* [The problem] All records are to be transcribed in full; any pictures among them are to be skipped.

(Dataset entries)

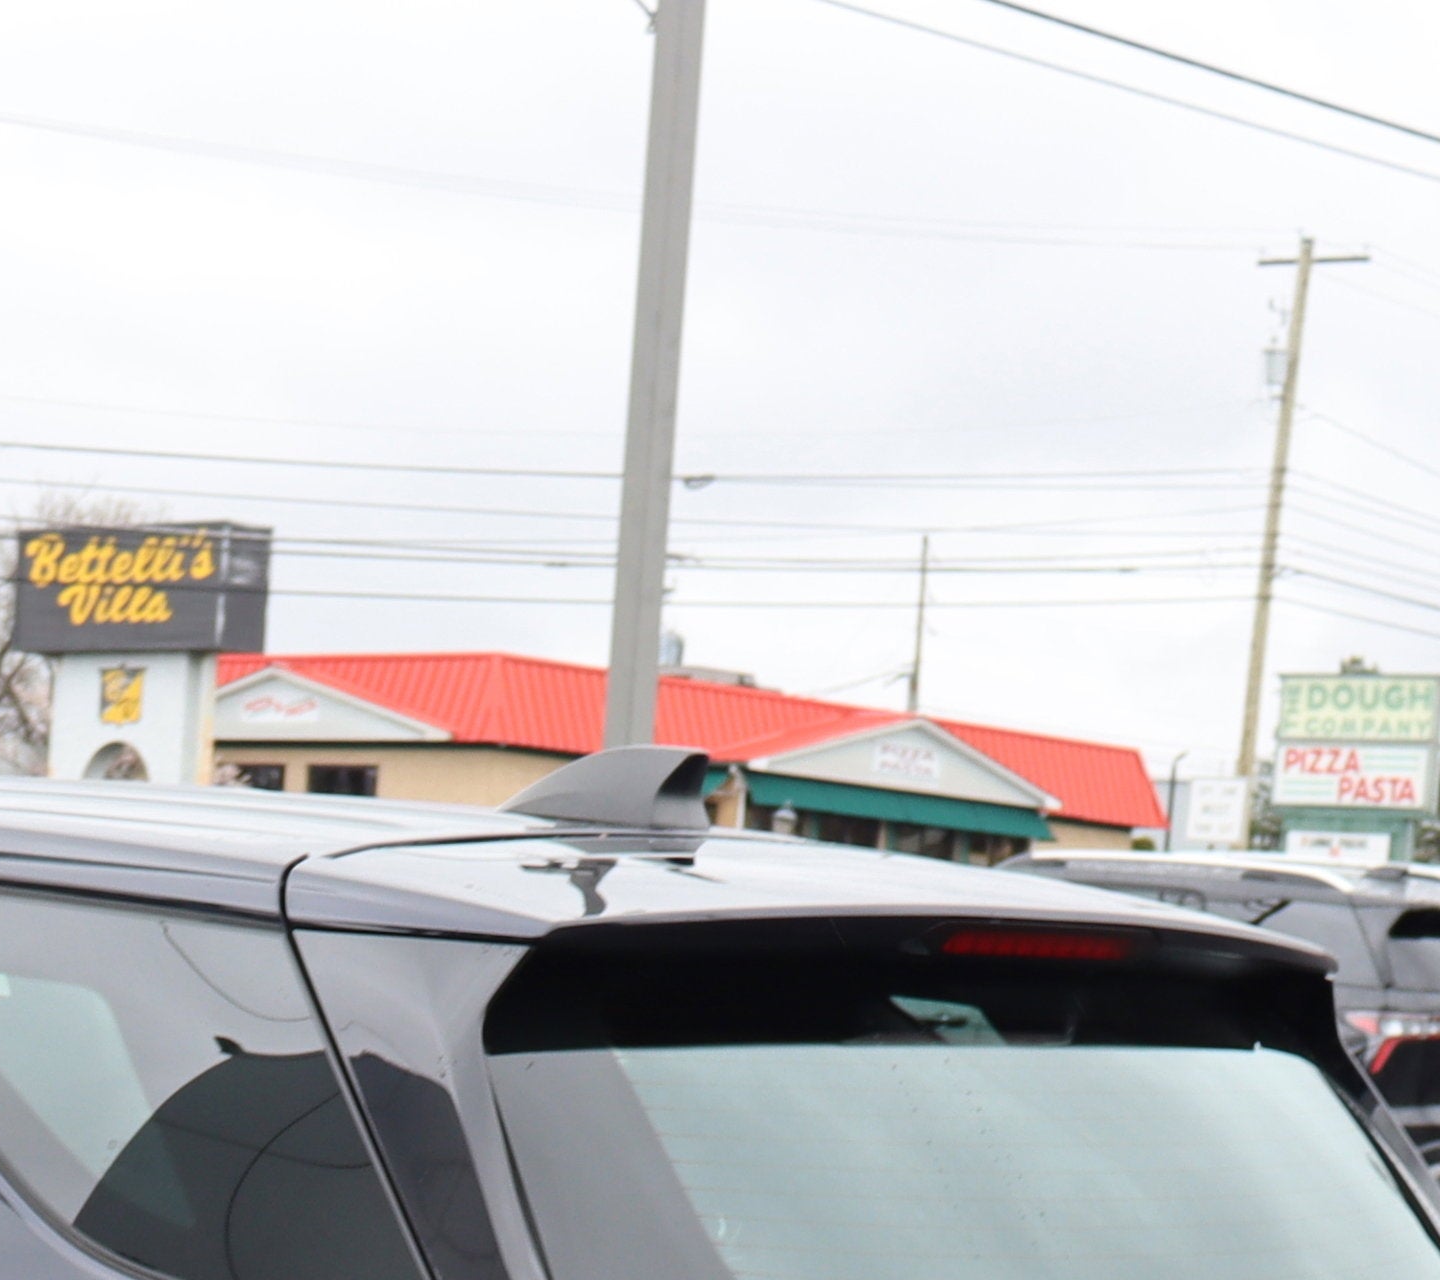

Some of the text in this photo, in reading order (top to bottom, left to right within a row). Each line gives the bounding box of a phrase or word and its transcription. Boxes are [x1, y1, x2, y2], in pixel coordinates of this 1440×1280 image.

[57, 584, 173, 626] Villa
[1307, 683, 1432, 711] DOUGH
[1305, 716, 1430, 736] COMPANY
[1284, 747, 1361, 775] PIZZA
[1337, 775, 1417, 804] PASTA
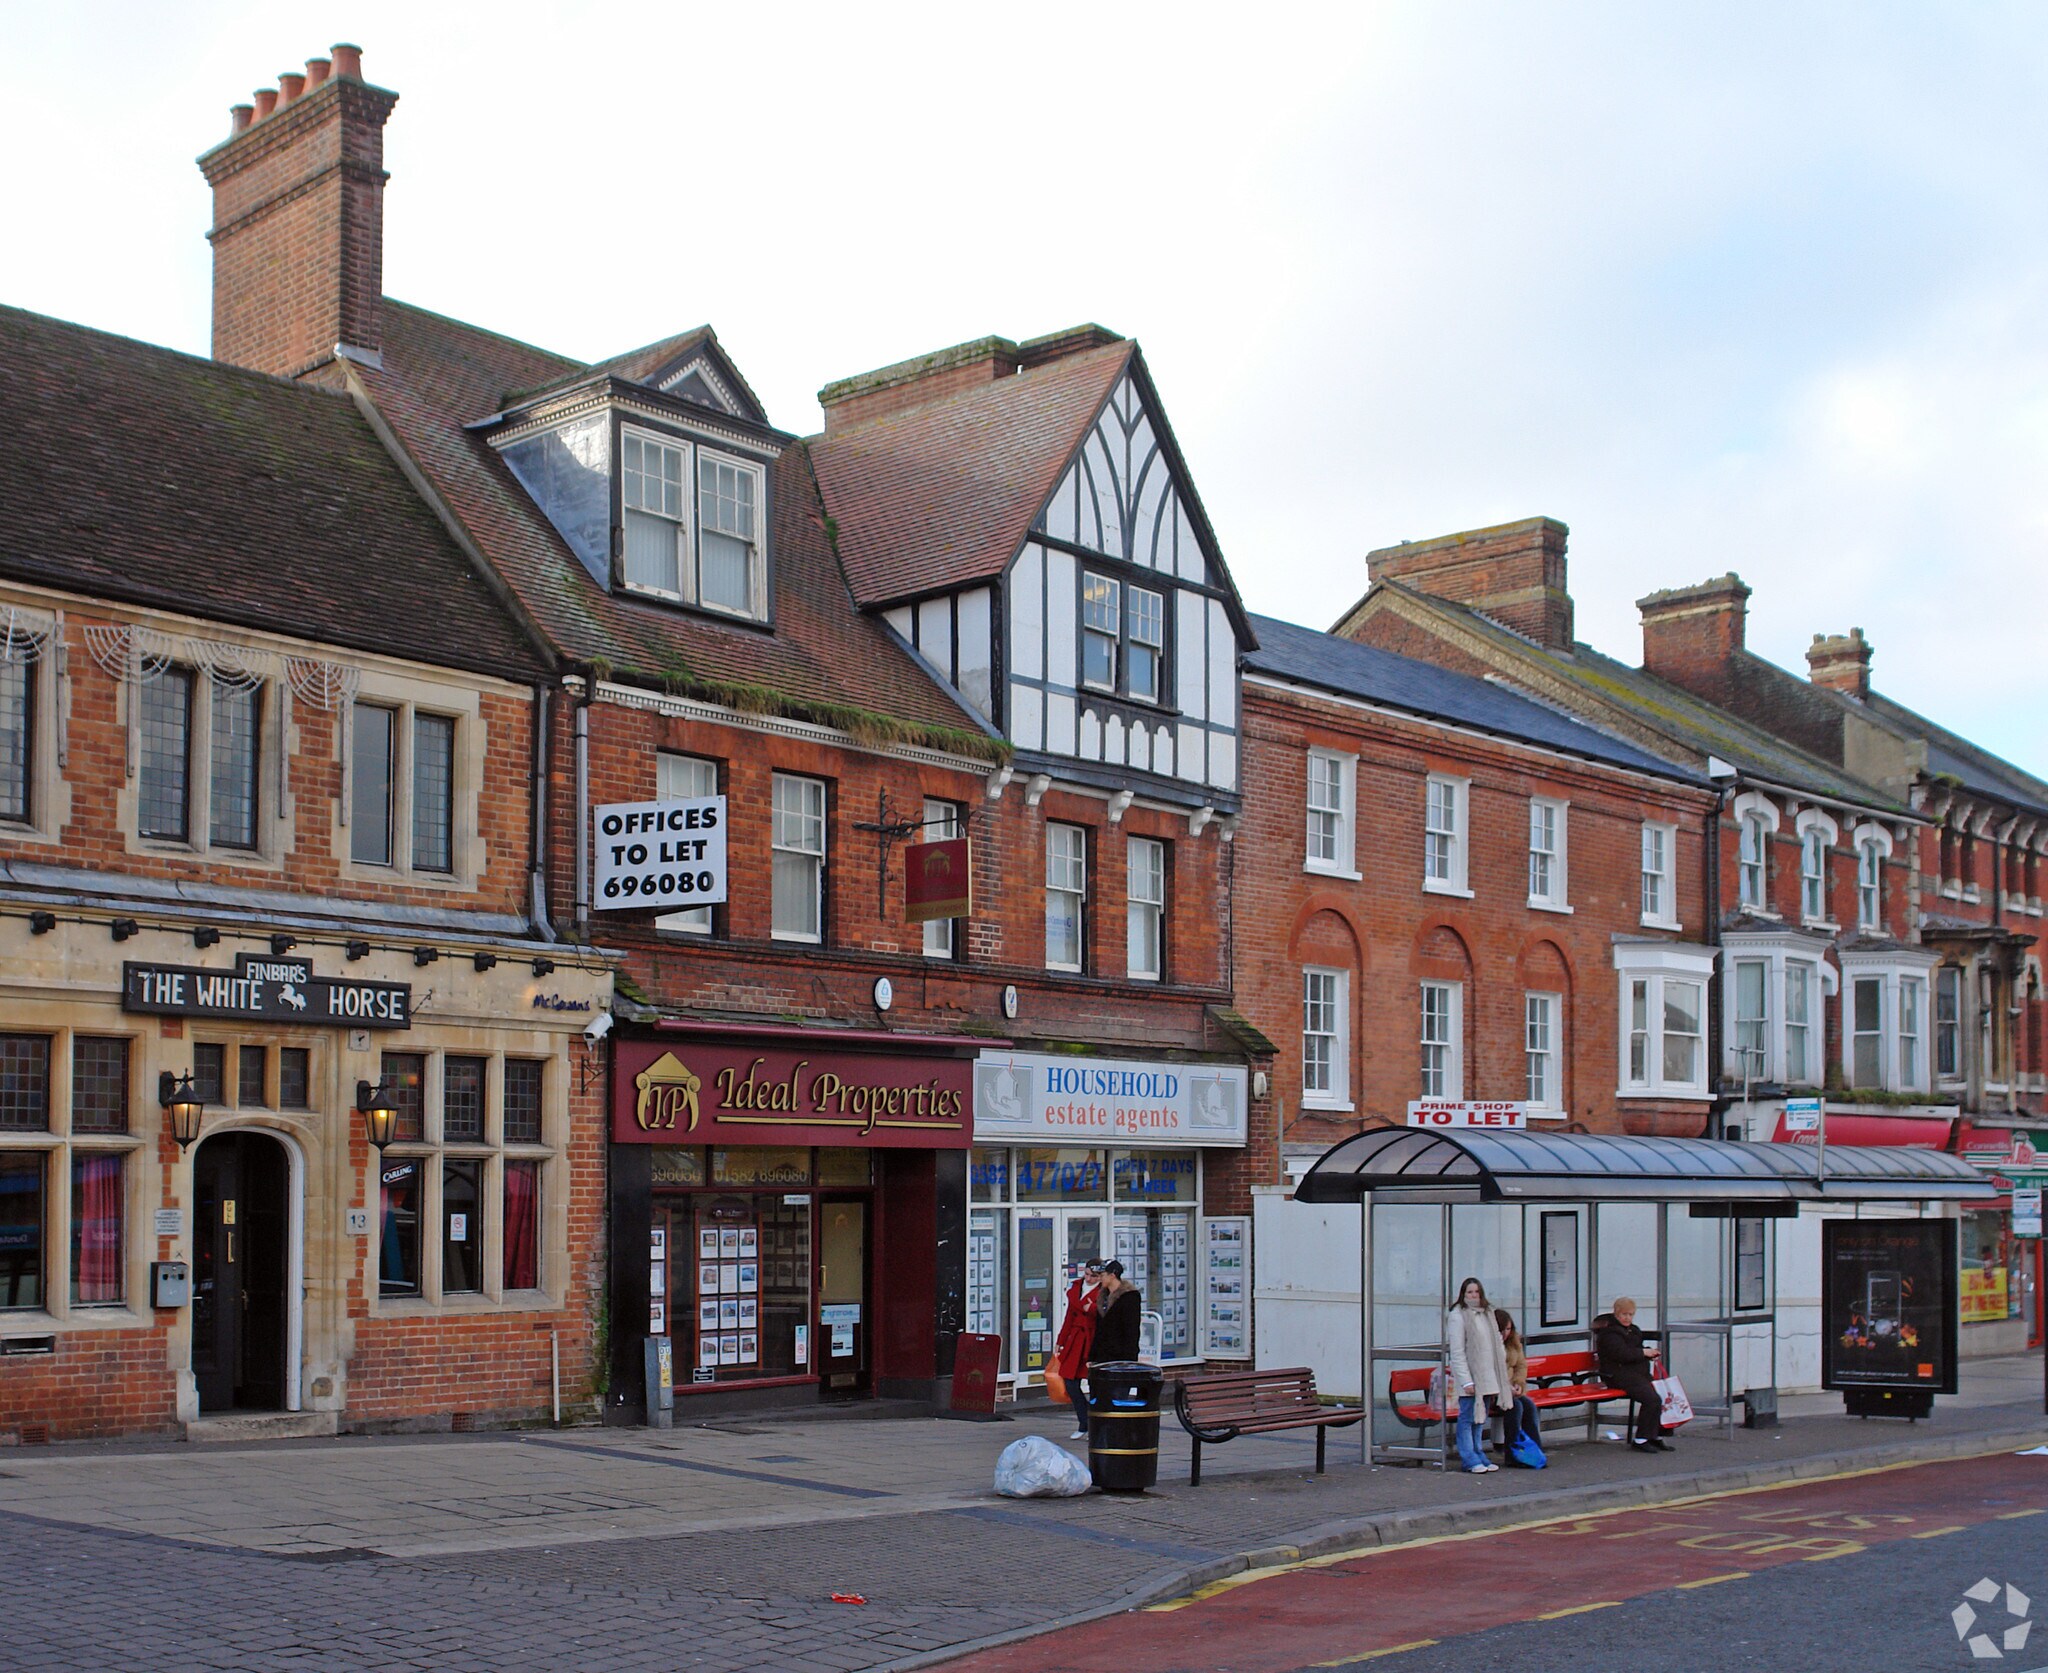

* [Completed exercise]
Some of the text in this photo, in reading order (top to bottom, left to right within a row). Each line gives the bounding box of a phrase or word and its transcription. Boxes are [x1, y1, x2, y2], in pixel coordinates of this 1440×1280 image.

[57, 584, 173, 626] Villa
[1307, 683, 1432, 711] DOUGH
[1305, 716, 1430, 736] COMPANY
[1284, 747, 1361, 775] PIZZA
[1337, 775, 1417, 804] PASTA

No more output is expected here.